Autosomal dominant inheritance occurs rarely because of the high incidence of sterility among individuals with genetic CHARGE secondary to delayed or absent puberty. In one study, the single case of confirmed autosomal dominant inheritance occurred in a mildly affected mother.15 In another, inheritance also occurred in a mother with a mild presentation attributable to somatic cell mosaicism, meaning that some, but not all, of her cells contained a mutated CHD 7 gene. Both of her sons were affected.4


It is likely that mosaicism is responsible for more cases than are currently detectable as this genetic condition is difficult to diagnose. In fact, a parent with one affected child has an empiric recurrence risk of 1% to 2% attributable to assumed germ line mosaicism.6 Because of this, even parents of a child with an apparent de novo mutation should be offered extensive genetic counseling and prenatal diagnosis in future pregnancies.8


It is important to note that an individual with CHARGE syndrome who is able to have children will have a 50% chance of passing the mutated gene to his or her child. Because of the incongruence in genotype and phenotype of CHARGE syndrome, it is impossible to predict, on the basis of the affected parent's presentation, how severely affected the child will be. As clinical management of CHARGE syndrome improves and as survival and functionality of this patient population increase, genetic counseling will become increasingly important.

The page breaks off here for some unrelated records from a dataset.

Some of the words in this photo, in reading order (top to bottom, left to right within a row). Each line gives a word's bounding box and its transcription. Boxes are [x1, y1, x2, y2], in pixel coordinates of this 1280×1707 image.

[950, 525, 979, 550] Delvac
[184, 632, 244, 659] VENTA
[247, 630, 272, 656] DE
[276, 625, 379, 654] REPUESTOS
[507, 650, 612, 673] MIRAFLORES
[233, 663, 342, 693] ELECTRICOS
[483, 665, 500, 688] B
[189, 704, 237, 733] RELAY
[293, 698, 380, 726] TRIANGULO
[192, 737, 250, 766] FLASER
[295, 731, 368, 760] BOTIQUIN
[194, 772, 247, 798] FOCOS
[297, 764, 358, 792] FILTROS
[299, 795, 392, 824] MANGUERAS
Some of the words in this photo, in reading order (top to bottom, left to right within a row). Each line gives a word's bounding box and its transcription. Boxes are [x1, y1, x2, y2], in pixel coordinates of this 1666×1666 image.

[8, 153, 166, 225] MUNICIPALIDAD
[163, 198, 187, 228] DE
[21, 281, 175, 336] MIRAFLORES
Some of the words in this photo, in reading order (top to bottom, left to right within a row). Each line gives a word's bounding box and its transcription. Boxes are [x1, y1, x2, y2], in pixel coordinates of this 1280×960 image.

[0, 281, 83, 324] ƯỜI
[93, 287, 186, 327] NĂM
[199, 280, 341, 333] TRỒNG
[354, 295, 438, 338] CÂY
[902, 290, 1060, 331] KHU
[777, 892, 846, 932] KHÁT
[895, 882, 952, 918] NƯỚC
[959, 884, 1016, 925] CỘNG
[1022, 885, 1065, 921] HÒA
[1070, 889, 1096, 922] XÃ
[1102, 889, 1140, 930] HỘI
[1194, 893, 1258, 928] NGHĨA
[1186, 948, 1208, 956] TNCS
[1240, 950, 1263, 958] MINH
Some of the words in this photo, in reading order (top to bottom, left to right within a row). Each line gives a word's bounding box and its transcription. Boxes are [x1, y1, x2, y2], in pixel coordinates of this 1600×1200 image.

Diagnosis of clinical CHARGE syndrome is a complicated task, historically achieved by the observation of some combination of the 6 previously listed attributes. Which anomaly or which combination of anomalies carries the greatest diagnostic weight is not entirely clear. Many diagnostic algorithms have been used in past years. Over 30 years ago, Dr. Bryan Hall first described an association of choanal atresia with malformations of the heart, eyes, and gastrointestinal tract.17 Two years later, Pagon and Zonana suggested the mnemonic CHARGE and recommended that diagnosis be limited to patients who display at least 4 of the 7 anomalies represented in this mnemonic.1 Since that time, Kim Blake18 and Alain Verloes11 have suggested further refinements of the original diagnostic criteria. (A comparison of the 3 algorithms is given in Tables 1-3.) As a result of this evolving diagnostic process, accurate identification of CHARGE syndrome has remained largely subjective and has been based on various algorithms.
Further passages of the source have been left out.